See the License for the specific language governing permissions and
limitations under the License.
-->
# Supporting SGLang's native endpoints via HTTP Server
# Introduction
The SGLang HTTP server provides a REST API interface for managing and monitoring SGLang components running in a dynamo distributed environment. It leverages dynamo's service discovery mechanism to automatically find and communicate with SGLang workers across the cluster.
## Architecture Overview
The HTTP server (`sgl_http_server.py`) is built on FastAPI and integrates with dynamo's `DistributedRuntime` to discover and interact with SGLang components. It uses the following discovery flow:
1.**Service Discovery**: Queries dynamo's etcd instance to find components that expose specific endpoints
2.**Dynamic Targeting**: Automatically discovers all matching components across namespaces without requiring manual configuration
3.**Direct Communication**: Establishes direct connections to discovered component instances using dynamo's client infrastructure
## Discovery Mechanism
The server uses dynamo's hierarchical service discovery structure:
-**DistributedRuntime**: Maintains connections to etcd (service discovery) and NATS (messaging)
-**Namespace**: Logical grouping of components (default: "dynamo")
-**Component**: Individual SGLang workers or services
-**Endpoint**: Specific functionality exposed by each component
The discovery process queries etcd with the prefix `instances/` to find all registered components that expose the target endpoint. Components are identified by their namespace, component name, and endpoint, allowing the server to dynamically scale operations across multiple instances.
## Supported Endpoints
### Current Endpoints
#### POST /flush_cache
Flushes the radix cache across all discovered SGLang components.
**Behavior:**
- Discovers all components in the specified namespace that expose the `flush_cache` endpoint
- Sends flush requests to all instances of each discovered component
- Returns success/failure status with details about the operation
**Response:**
```json
{
"message":"Cache flush initiated",
"success":true
}
```
### Upcoming Endpoints
The following endpoints will be supported in future releases:
#### POST /start_expert_distribution_record
Begins recording expert distribution metrics across SGLang components.
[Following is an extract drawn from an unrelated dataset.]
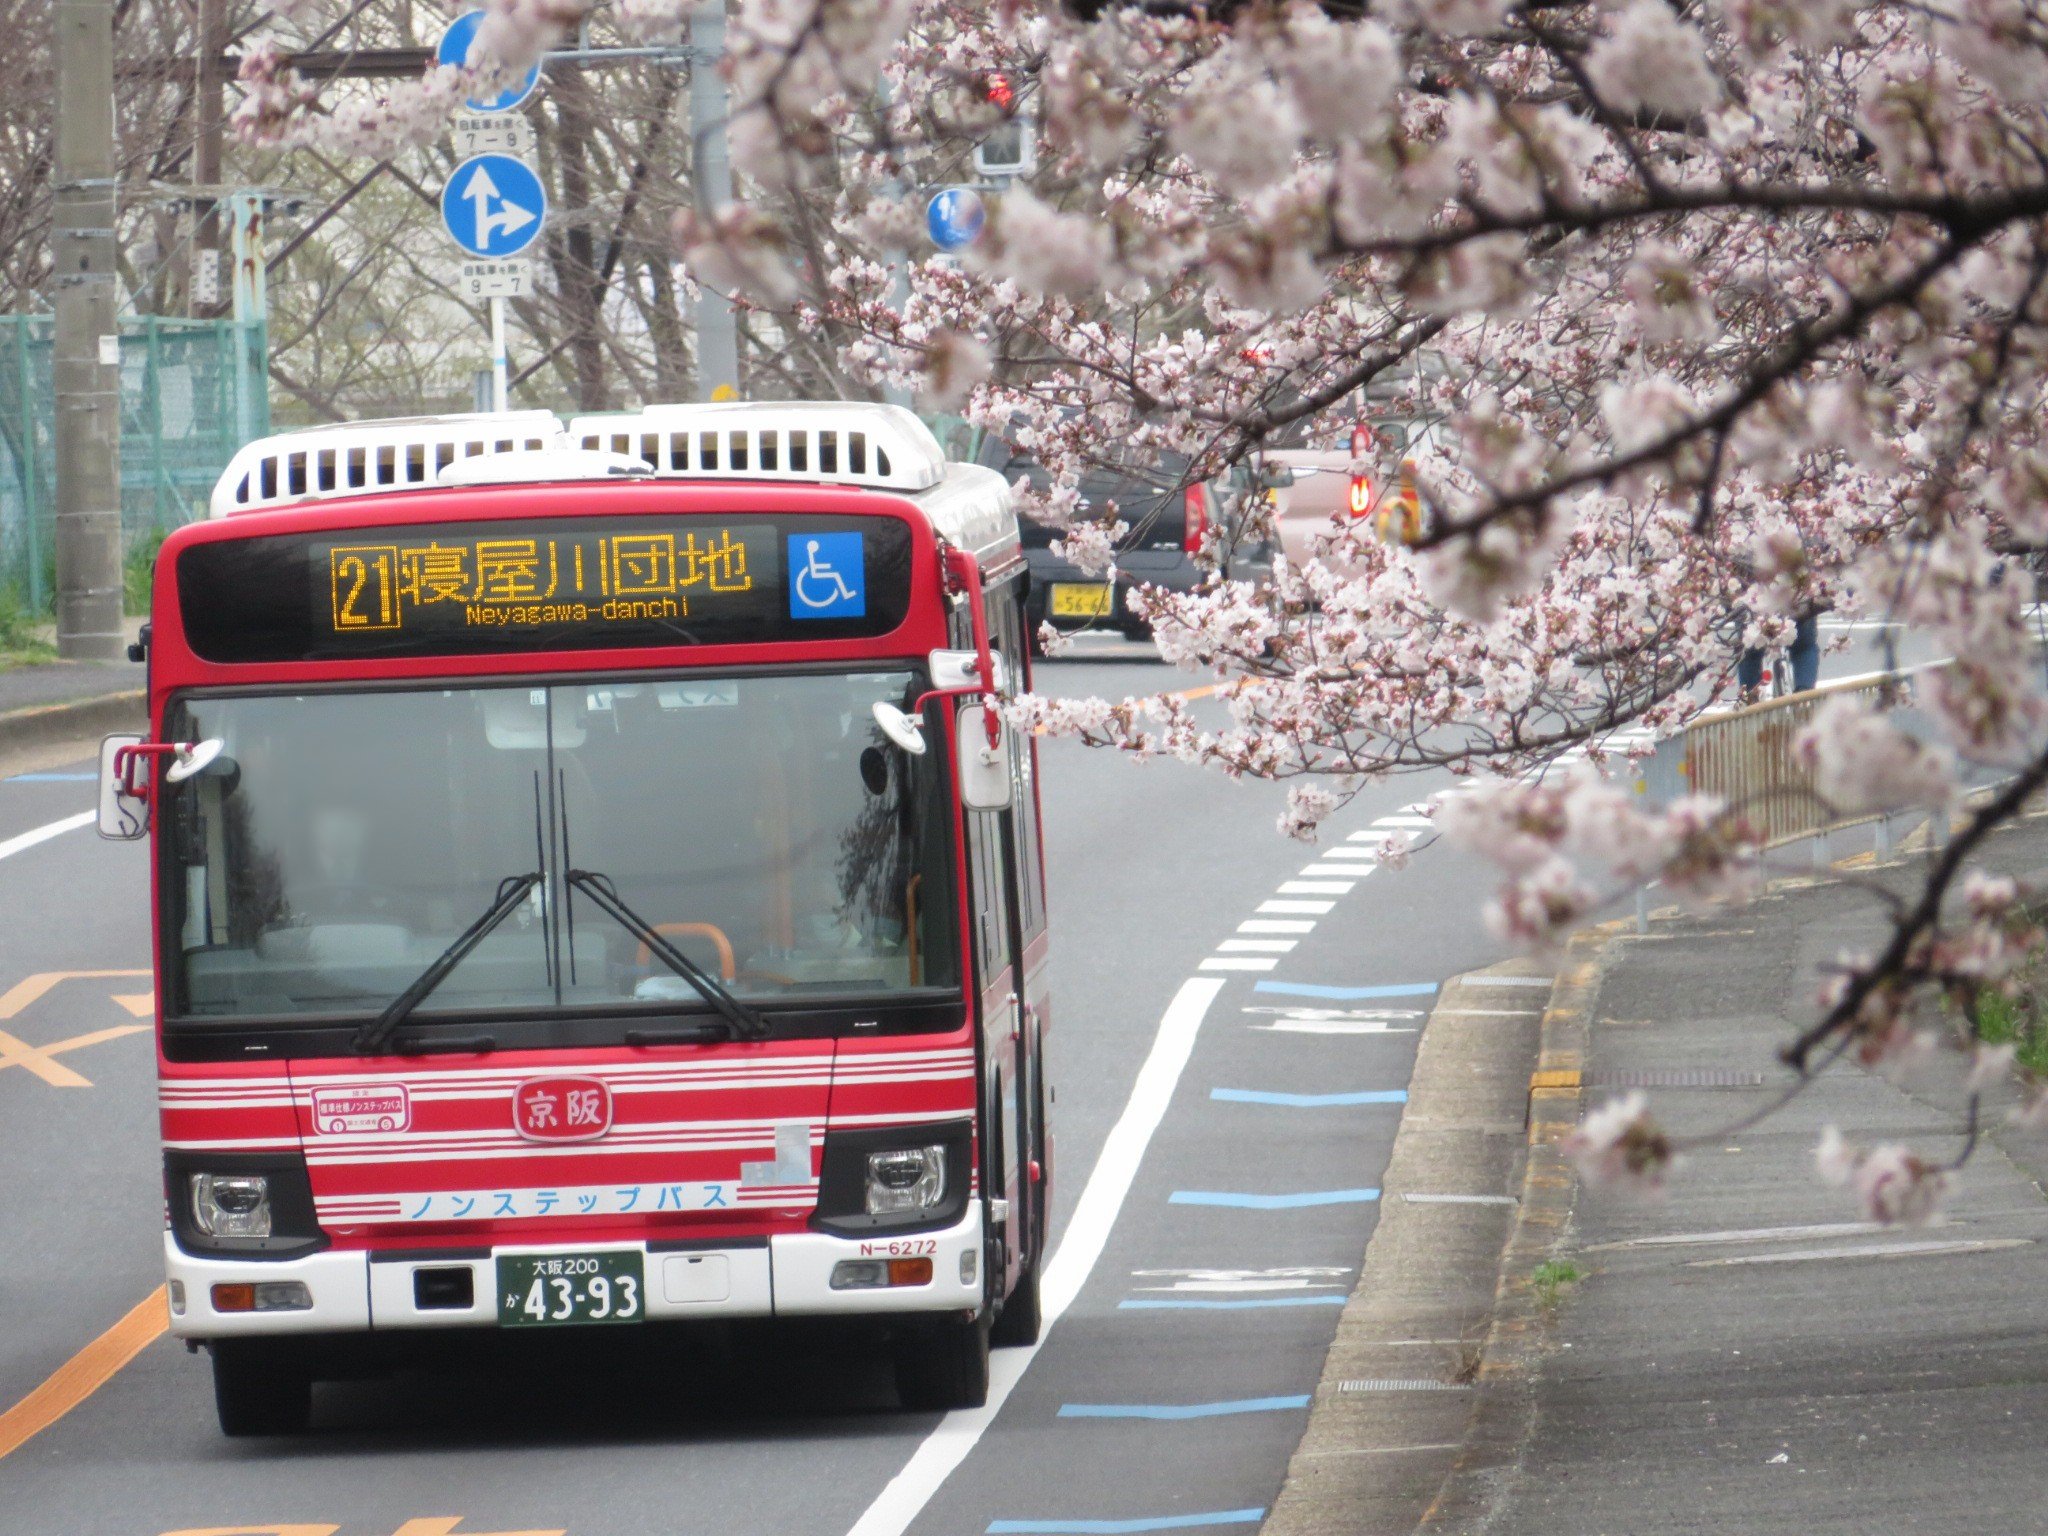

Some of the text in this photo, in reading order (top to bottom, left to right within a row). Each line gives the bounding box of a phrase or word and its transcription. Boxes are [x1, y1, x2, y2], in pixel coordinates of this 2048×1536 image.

#### POST /stop_expert_distribution_record
Stops the expert distribution recording process.
#### GET /dump_expert_distribution_record
Retrieves the collected expert distribution data.
## Configuration
The server accepts the following command-line arguments:
-`--port`: HTTP server port (default: 9001)
-`--ns/--namespace`: Target dynamo namespace (default: "dynamo")
-`--comp/--component`: Specific component name to target (default: discover all)
-`--endpoint`: Endpoint name to discover (default: "flush_cache")
## Usage
Start the server:
```bash
python sgl_http_server.py --port 9001 --namespace dynamo
```
The server will automatically discover all SGLang components in the specified namespace and provide HTTP endpoints for managing them.